▸ About this task
As you reproduce every line below, keep it exactly as written and leave out the images.

==================================================

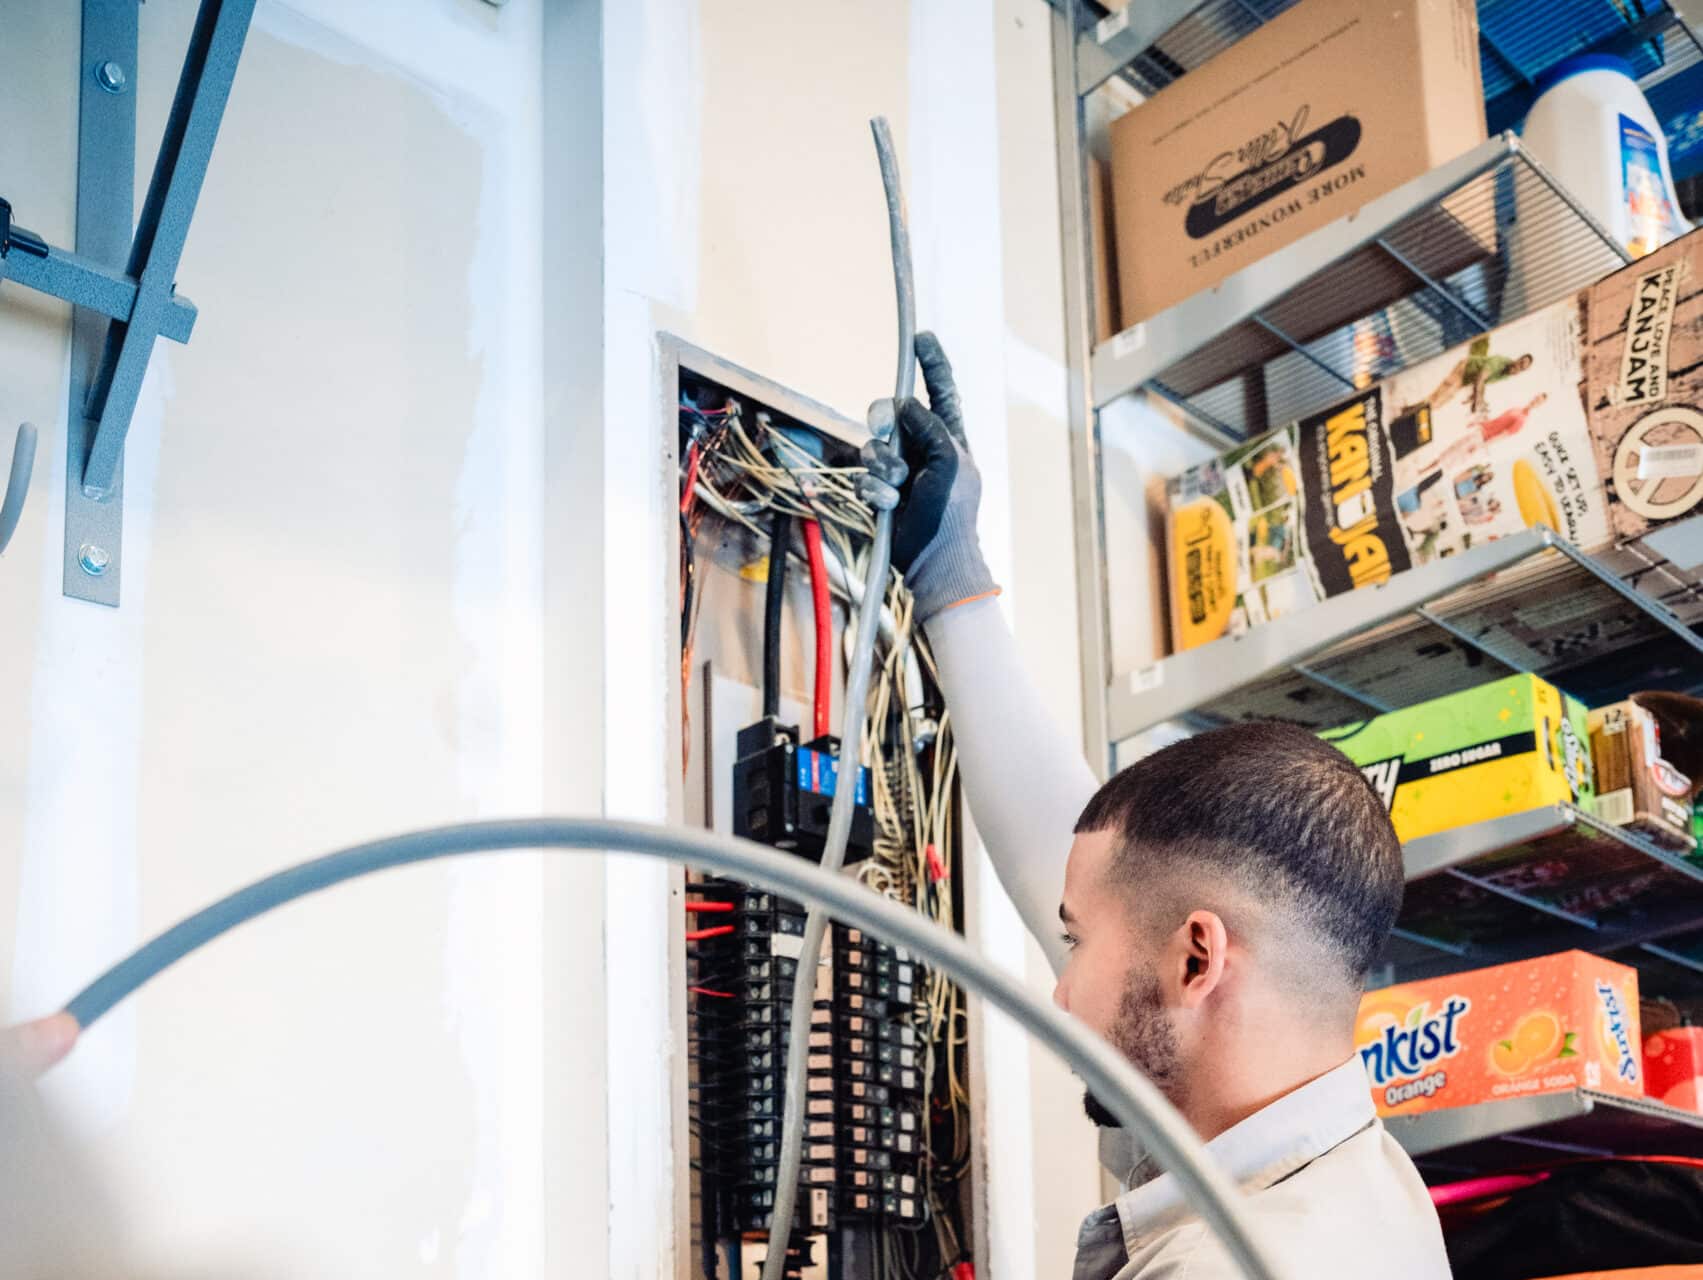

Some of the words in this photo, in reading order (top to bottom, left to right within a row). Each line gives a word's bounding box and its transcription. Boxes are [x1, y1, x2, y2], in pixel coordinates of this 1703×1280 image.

[1308, 164, 1367, 205] MORE
[1189, 199, 1303, 267] WONDERFUL
[1659, 268, 1675, 313] PEACE
[1625, 273, 1663, 402] KANJAM
[1650, 321, 1665, 359] LOVE
[1649, 364, 1660, 398] AND
[1534, 441, 1555, 475] EASY
[1554, 475, 1565, 494] TO
[1604, 709, 1622, 725] 12
[1430, 752, 1462, 773] ZERO
[1462, 741, 1502, 765] SUGAR
[1598, 982, 1637, 1083] Sunkist
[1384, 1070, 1447, 1106] Orange
[1492, 1078, 1540, 1096] ORANGE
[1543, 1073, 1577, 1089] SODA
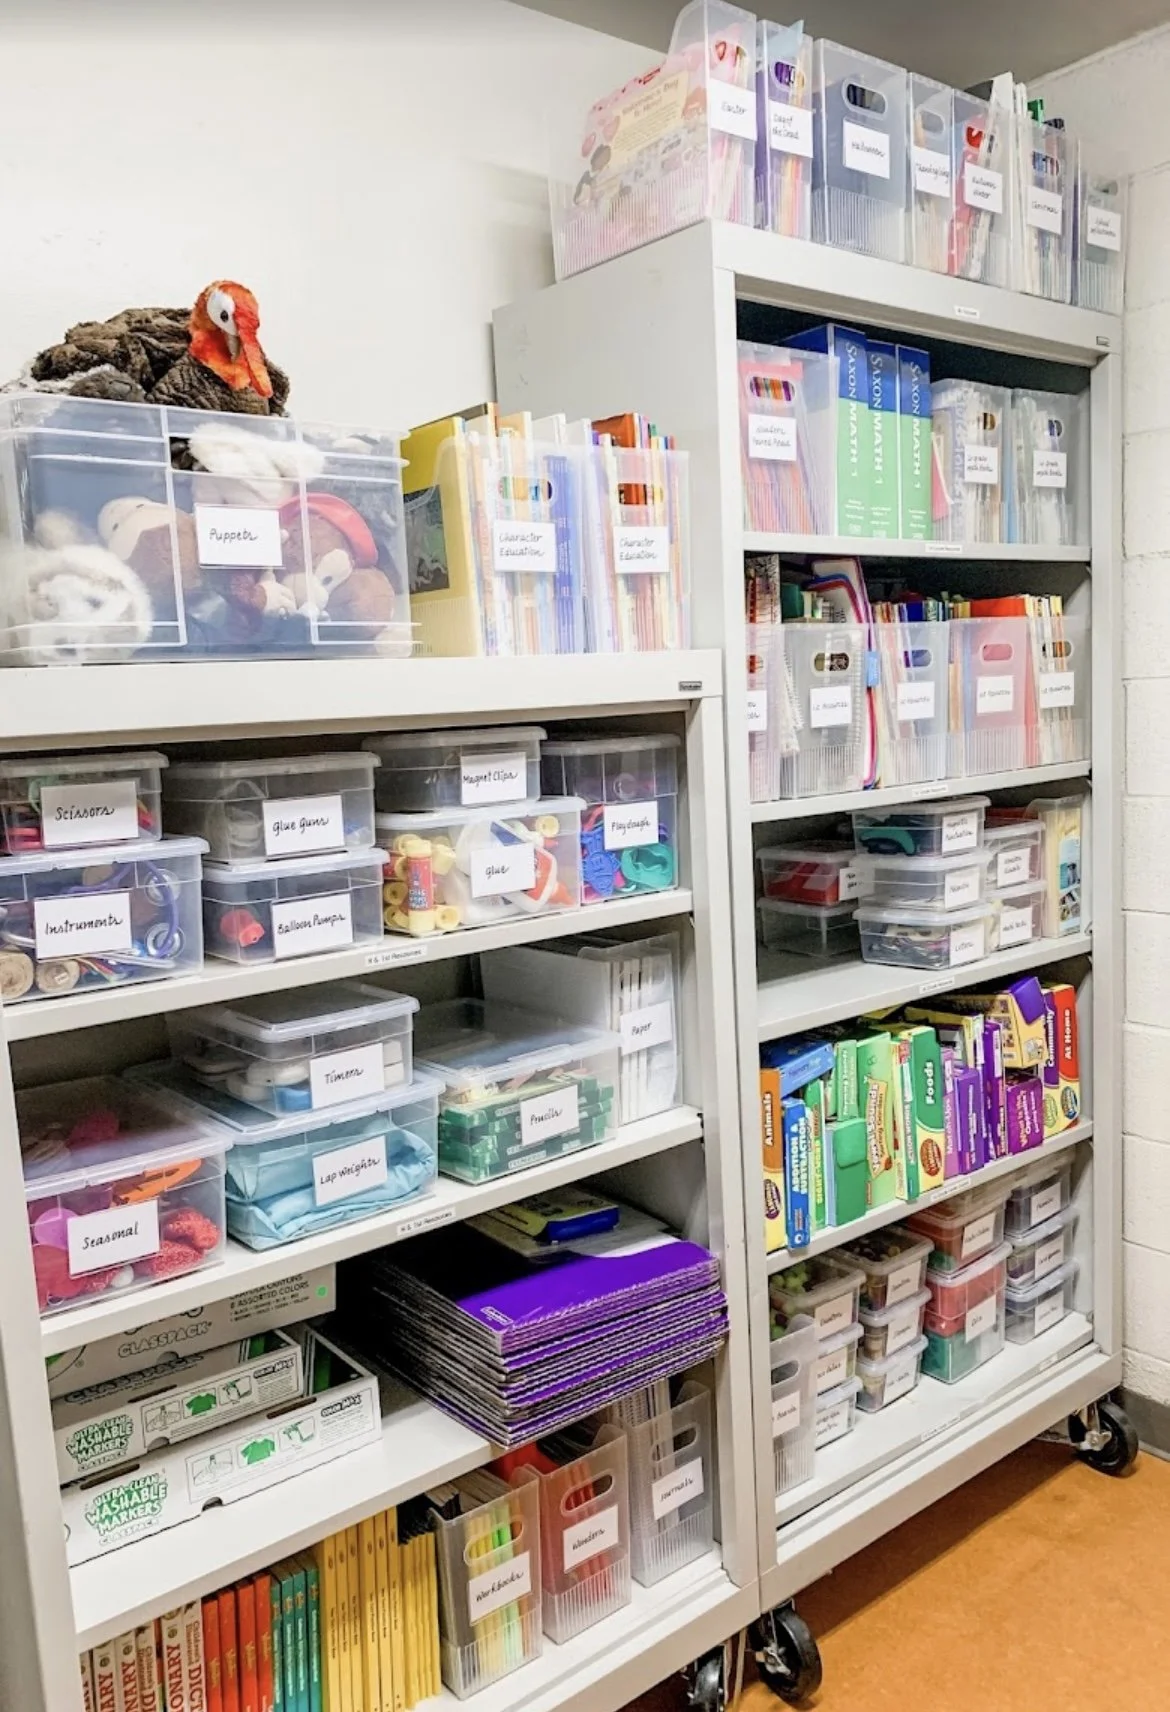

==================================================

▸ Exercise response
Some of the words in this photo, in reading order (top to bottom, left to right within a row). Each line gives a word's bounding box and its transcription. Boxes are [x1, y1, x2, y2], in pixel coordinates of this 1703×1280 image.

[1308, 164, 1367, 205] MORE
[1189, 199, 1303, 267] WONDERFUL
[1659, 268, 1675, 313] PEACE
[1625, 273, 1663, 402] KANJAM
[1650, 321, 1665, 359] LOVE
[1649, 364, 1660, 398] AND
[1534, 441, 1555, 475] EASY
[1554, 475, 1565, 494] TO
[1604, 709, 1622, 725] 12
[1430, 752, 1462, 773] ZERO
[1462, 741, 1502, 765] SUGAR
[1598, 982, 1637, 1083] Sunkist
[1384, 1070, 1447, 1106] Orange
[1492, 1078, 1540, 1096] ORANGE
[1543, 1073, 1577, 1089] SODA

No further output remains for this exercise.